Welcome to a 19th-century Parisian teaching hospital that still exists today: the Pitié-Salpêtrière Hospital, otherwise known as the Salpêtrière.
Thanks to photographer Adrien Tournachon, this was one of the first hospitals to use photography to document patients and their conditions.
It was here that neurologist Guillaume-Benjamin Duchenne conducted his electrotherapy experiments.
He used electrical probes to stimulate facial muscles and induce expressions of fright, delight, and everything in between.
Duchenne believed that by recording and studying facial expressions he could access a person’s soul or inner character.
The study Duchenne published with Tournachon’s photos was so influential that even Charles Darwin reproduced some of them in one of his own publications.
Duchenne received criticism because most of his patients and models were from the lower class.
Researchers still aren’t sure if all of them consented or were fully aware of what they were getting into.
Duchenne’s student, Jean-Martin Charcot, became the hospital’s director in 1862 and is considered the founder of modern neurology. He focused on female hysteria and hypnosis.
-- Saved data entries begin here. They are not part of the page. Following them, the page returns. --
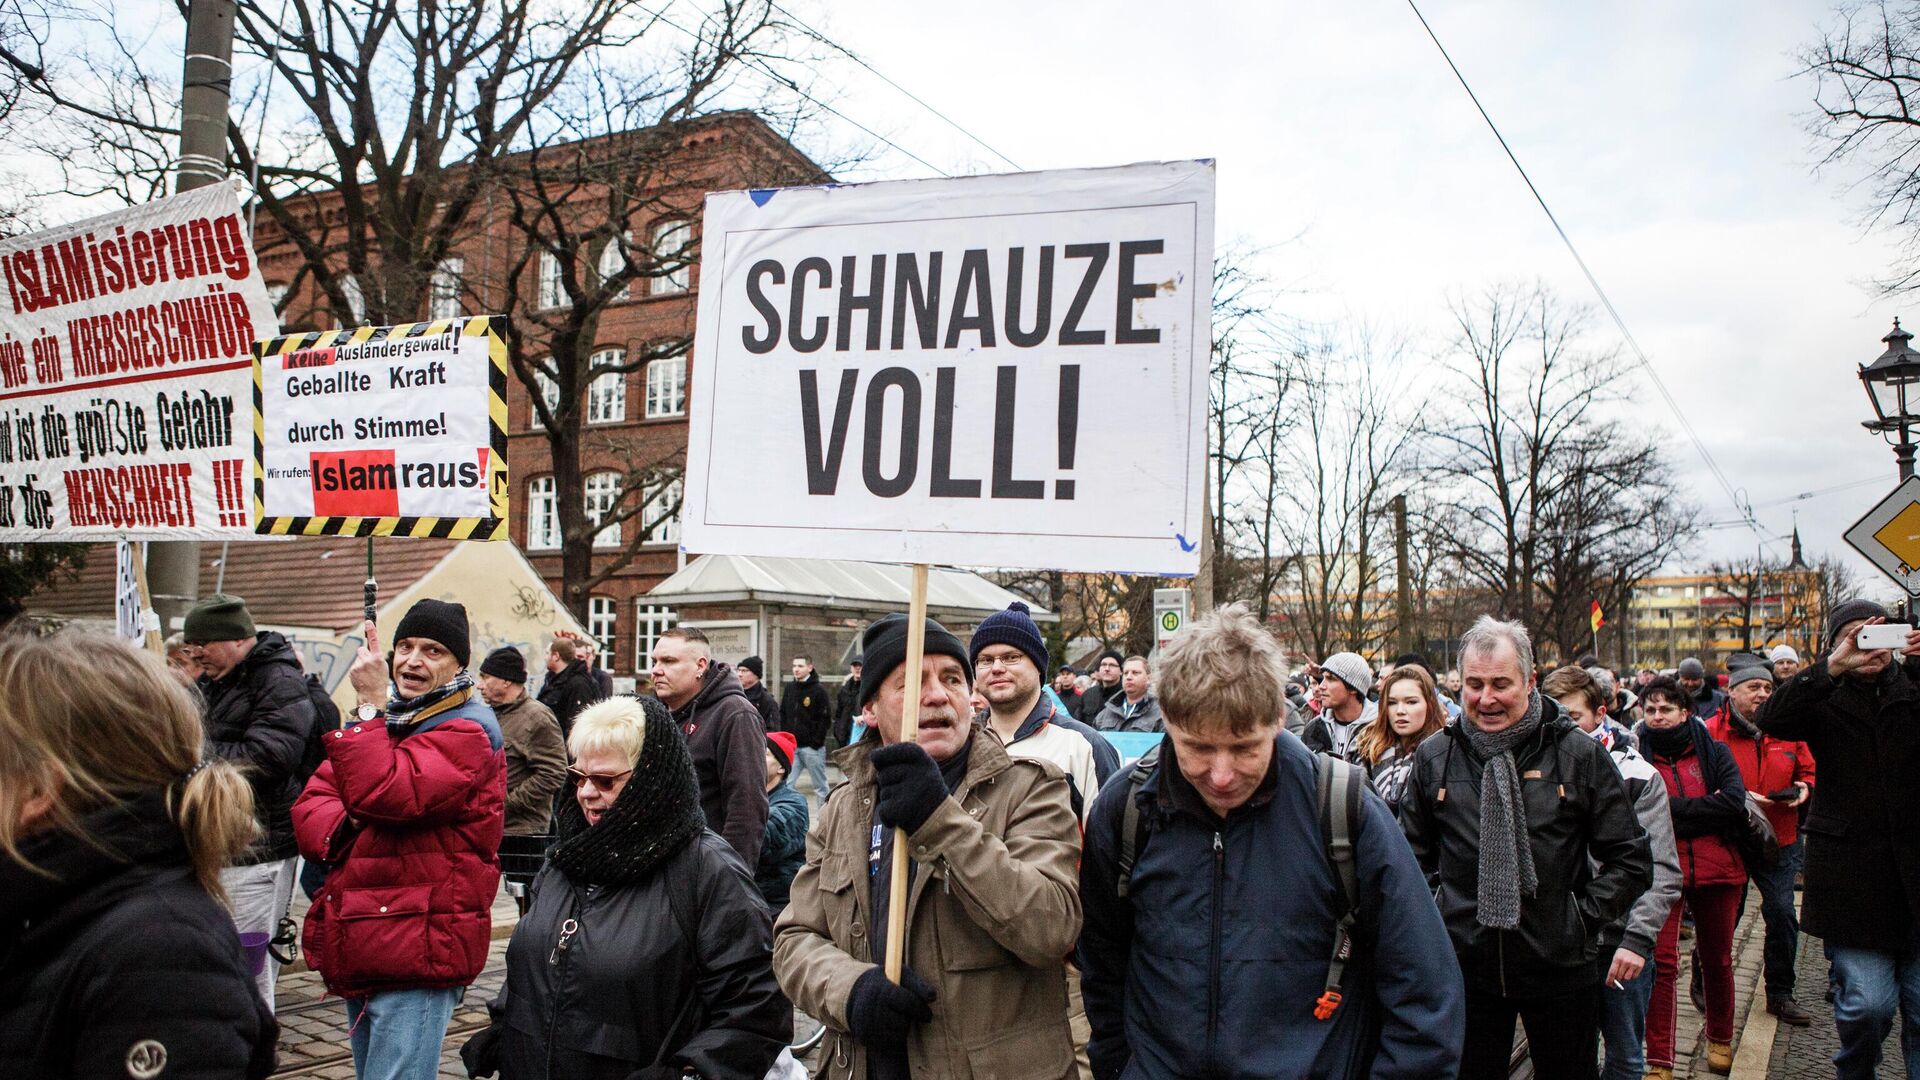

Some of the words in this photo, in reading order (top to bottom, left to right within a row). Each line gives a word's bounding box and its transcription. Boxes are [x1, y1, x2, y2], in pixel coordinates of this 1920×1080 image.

[2, 212, 251, 315] ISLAMisierung
[741, 238, 1164, 355] SCHNAUZE
[32, 327, 63, 384] ein
[67, 284, 254, 378] KREBSGESCHWÜR
[287, 371, 371, 398] Geballte
[390, 361, 446, 390] Kraft
[15, 408, 39, 462] ist
[41, 404, 70, 459] die
[75, 398, 147, 463] größte
[157, 389, 234, 452] Gefahr
[288, 418, 344, 443] durch
[354, 412, 447, 440] Stimme!
[798, 363, 1081, 500] VOLL!
[18, 473, 54, 530] die
[63, 463, 195, 528] MENSCHHEIT
[211, 458, 247, 528] !!!
[267, 467, 280, 479] Wir
[282, 466, 312, 479] rufen:
[312, 458, 397, 491] Islam
[402, 447, 490, 489] raus!
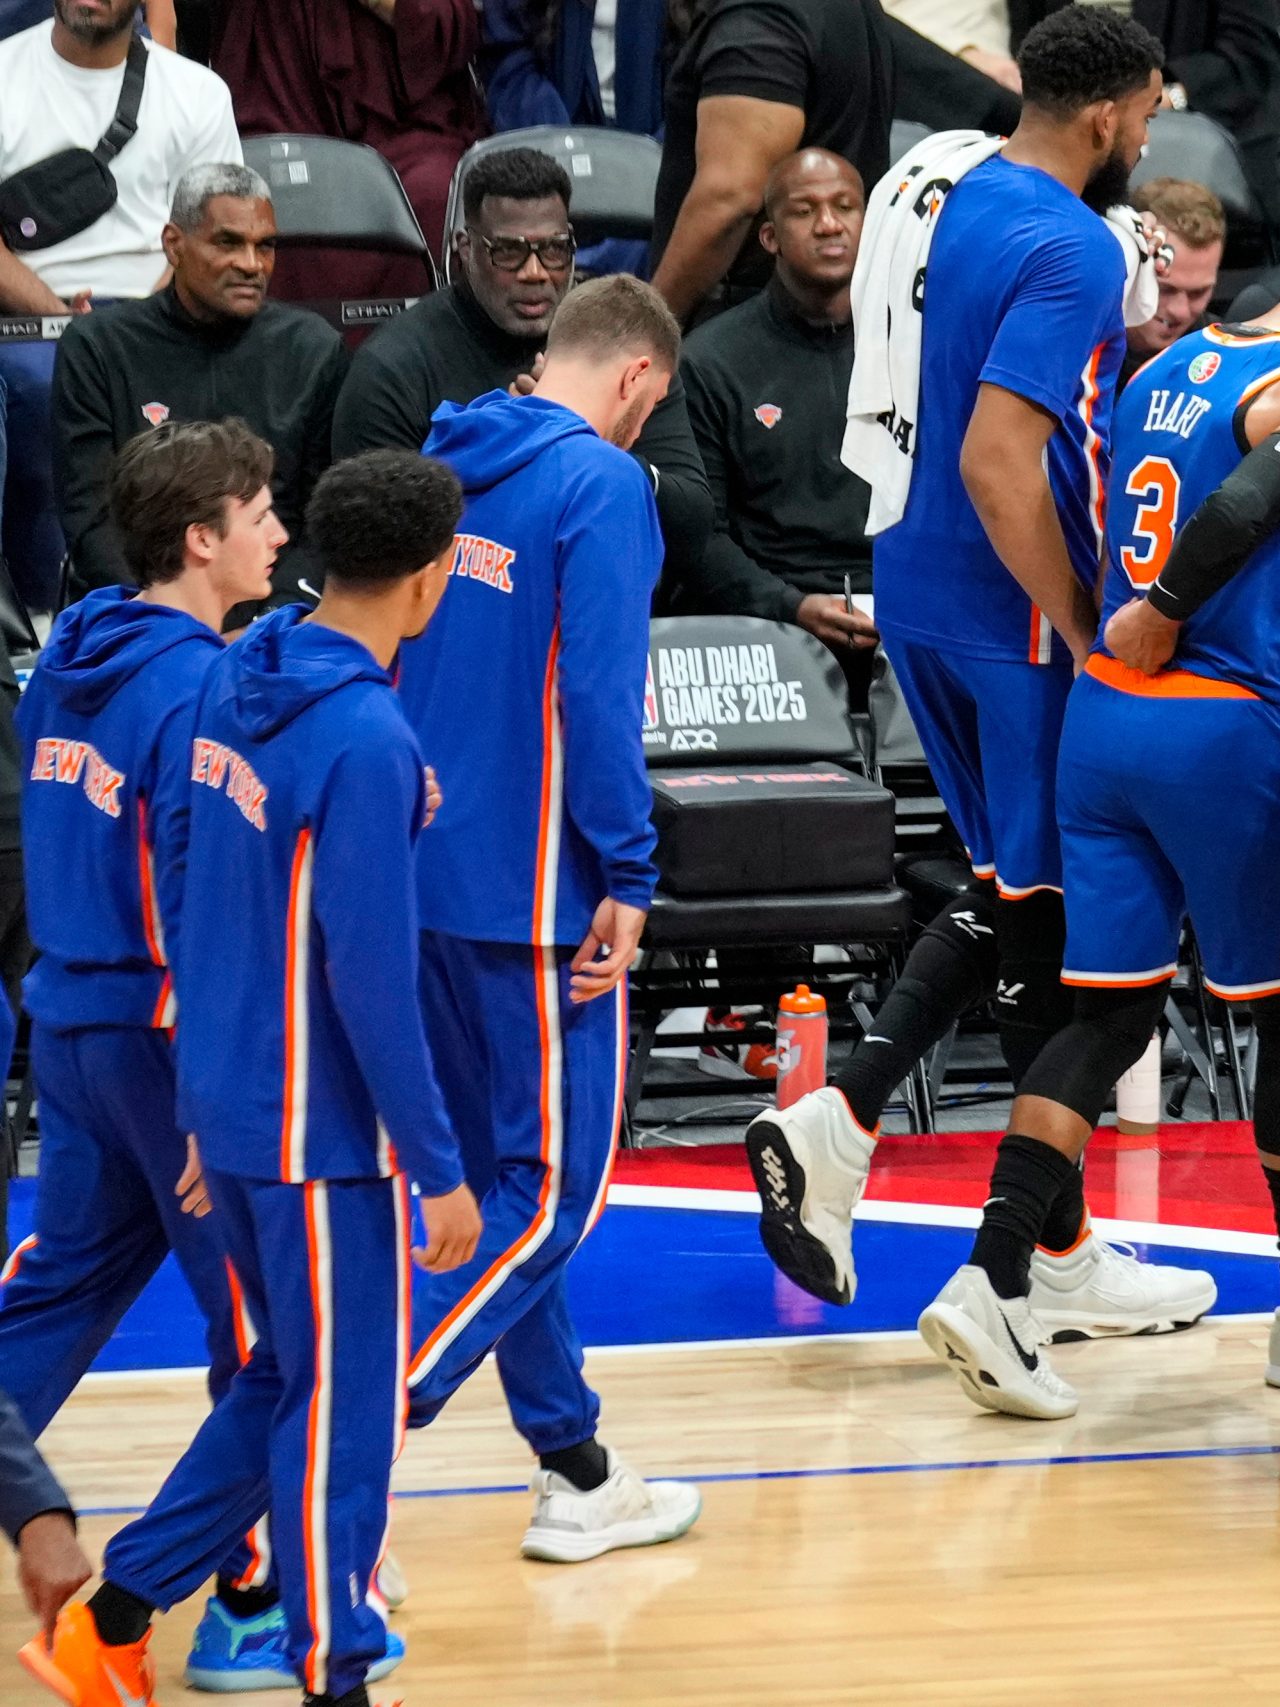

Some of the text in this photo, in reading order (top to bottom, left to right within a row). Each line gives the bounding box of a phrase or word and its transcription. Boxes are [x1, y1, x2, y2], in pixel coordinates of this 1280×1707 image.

[1143, 390, 1212, 440] HART
[1119, 454, 1182, 591] 3
[456, 534, 517, 594] YORK
[658, 643, 778, 688] ABU DHABI
[662, 680, 807, 727] GAMES 2025
[30, 737, 89, 784] EW
[191, 737, 232, 789] EW
[670, 728, 718, 751] ADQ
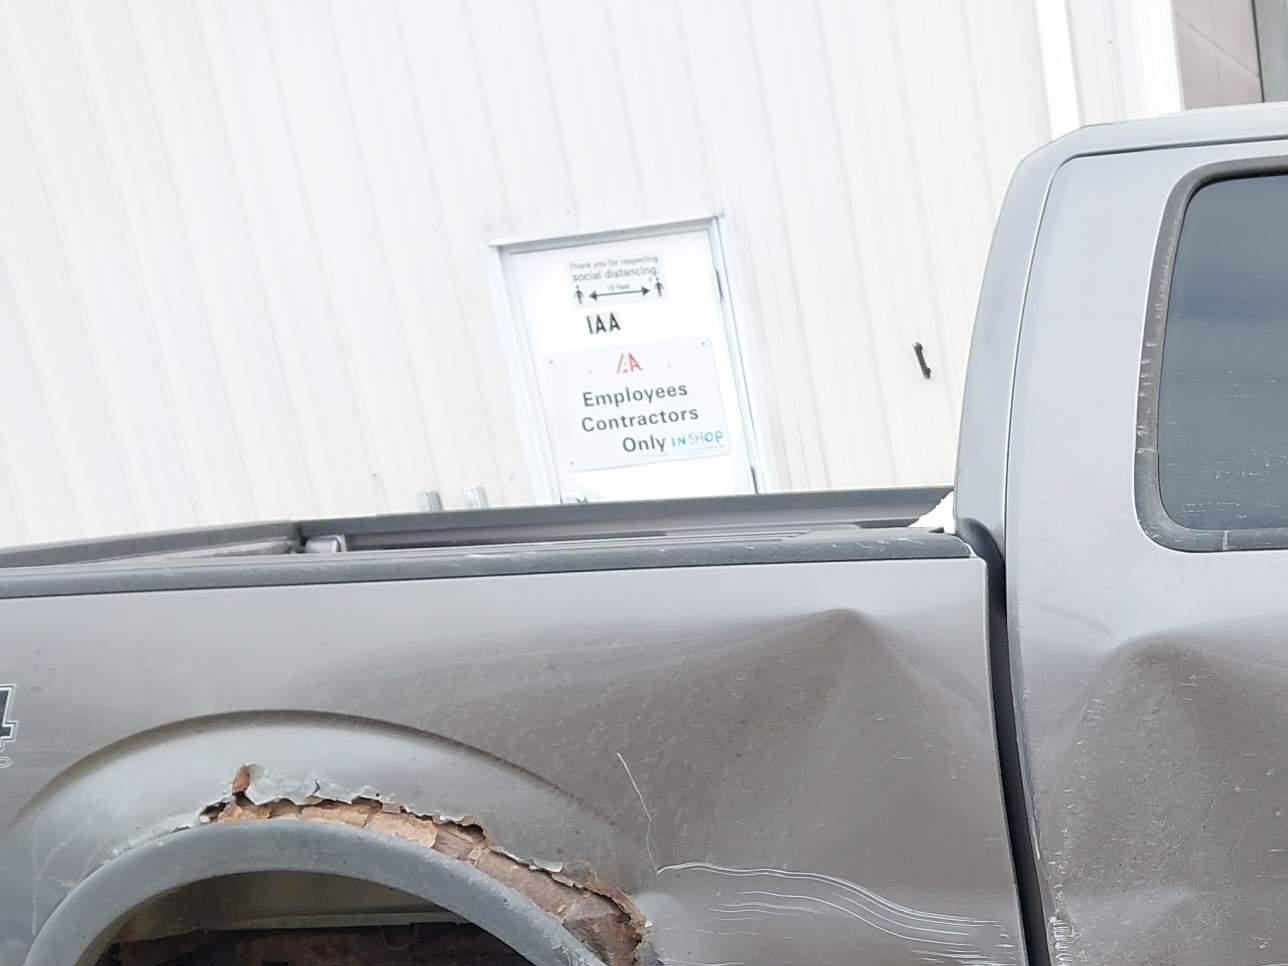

Charcot delivered weekly “Tuesday Lectures” where female patients were asked to “perform” symptoms of hysteria for the public.
Like Duchenne, Charcot believed that mental illness was evident on the body, especially for women.
The photos of Charcot’s patients can be hard to stomach, but they provided what was thought to be objective documentation of female hysteria.
Charcot’s three-volume “Iconographie Photographique de la Salpêtrière” became foundational in studies of psychology and neurology.
Although Charcot’s work led to further understanding of multiple sclerosis, Parkinson’s disease, and Tourette syndrome, we should never forget that early medicine was rooted in questionable methods, especially when photography was involved.